やっと聞こえてきた彼の心情。それは自分達の時間の差をまざまざと聞かされた気がした。
ジャンはここへ戻って来てから、ずっとその事で悩んでいたのだろう。新しい身体をもらって帰って来たけれど、どうしても埋められない溝がある、と彼は独り考え込んで苦しんでいたのだ。

(ああ・・・私はなんて自分勝手な考え方を・・・)

彼の心情が解らないのでは無かった、ただ解ろうとしなかっただけだったのだ。
ジャンは自分の事がまだ好きなのか、そんな小さな事を自分はずっと気にし続けていたのだ。
なんて身勝手な考え。

高松は哀しげに顔を歪めると、ジャンの肩に置いていた手に力を込めてジャンを振り向かせ、そして強く抱き締めた。
ジャンは困ったような表情を浮かべると、苦しげな表情の高松を見上げ「ごめん」と謝罪の言葉を漏らす。どうして謝るんだ、勝手なのは自分の方なのに。
サービスと3人で笑い合っていたあの頃と彼だけが変わらない姿形のまま。それは彼にとってはとても苦痛な事なのだと、今やっと気付いたのだった。
見上げる愛しい相手に触れるだけの口付けを落とす。

「馬鹿ですね・・・どうして謝るんですか。それに、あなたと居て飽きる人間なんか居ると思ってるんですか?」
「俺の身体の事は解っているだろう?俺は皆を置いて行く事しか出来ないよ」
「そんな事はありません・・・私はずっと貴方を好きでいます。ジャン、貴方を愛しています」
「高松・・・」

搾り出したような声で名前を呼ばれた。泣いているのだろうかと思い、確認しようと見下ろしたが、ジャンは自分の胸に顔を埋めてしまっていてそれは叶わなかった。
ただ震えているジャンの肩を優しく擦り、そして強く抱き締めた。

「俺も好きだ・・・高松・・・好き・・・」
「嬉しいですよ」

3人で笑い合っていた頃と変わらない彼を抱き締めて、額に口付けを落とした。そこから下へ下がって行き、鼻の頭や頬やまた唇に口付けを沢山降らせた。
目尻に涙を浮かべたジャンは満面の笑みを浮かべ、自分からもキスを返してくれたのだった。

(この先どうなるかなんて解りませんが・・・)

未来は誰にも読めないけれど、でも自分はきっとジャンを愛し続けるだろうと高松は心の奥で呟いた。
自分は科学者なのだから、寿命を延ばせる薬だって作れる筈だ。とも真剣に思ってもいる。
高松は、ジャンを独りで哀しませないように、自分に出来る事ならなんだってやろうと思った。

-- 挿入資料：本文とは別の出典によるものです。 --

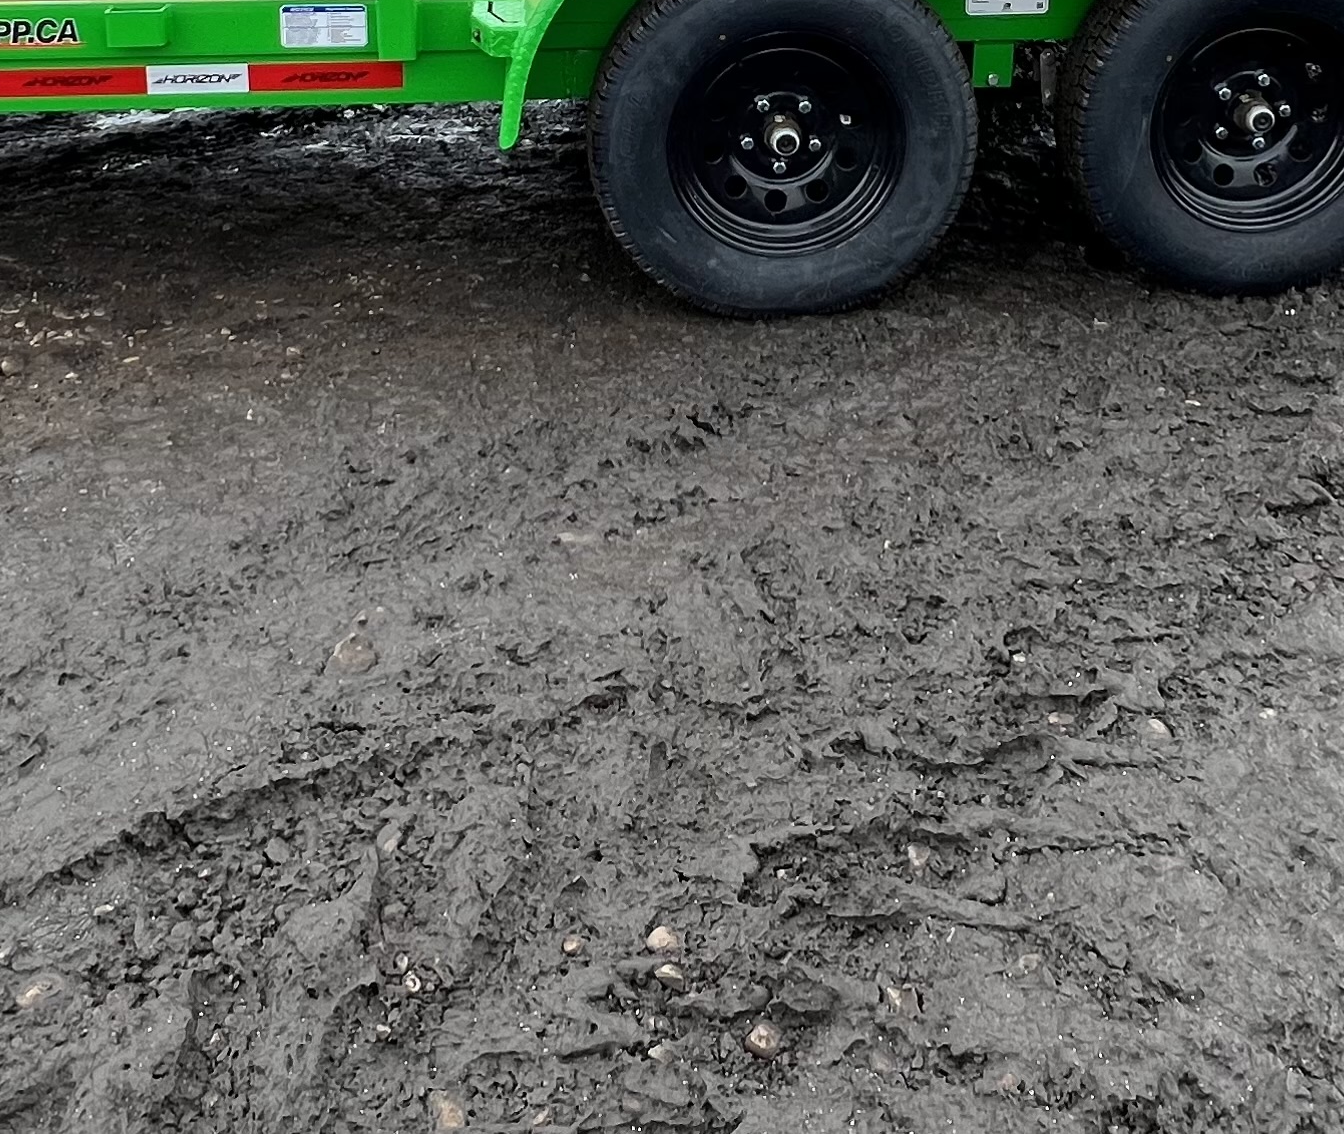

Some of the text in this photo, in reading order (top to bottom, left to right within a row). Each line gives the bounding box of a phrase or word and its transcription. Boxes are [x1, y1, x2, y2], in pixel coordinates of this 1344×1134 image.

自分よりも随分と若い彼を抱き締めたまま暗い窓の外を眺めた。
そこには寒さの中寄り添うように、二輪の花が咲いていた。

私達はあの花なのだ。
大丈夫、ずっと彼と居れる筈だと、妙に確信めいて「大丈夫」と呟いた。
ジャンは、「うん」と返事を返し、高松は窓を閉めると。今度はジャンに深く口付けたのだった。
存在を確認するかのように。














高ジャンでごじゃいます。
高ジャン小説二つ目ですけど、なんかジャンは両方とも泣いてませんか。何故だ。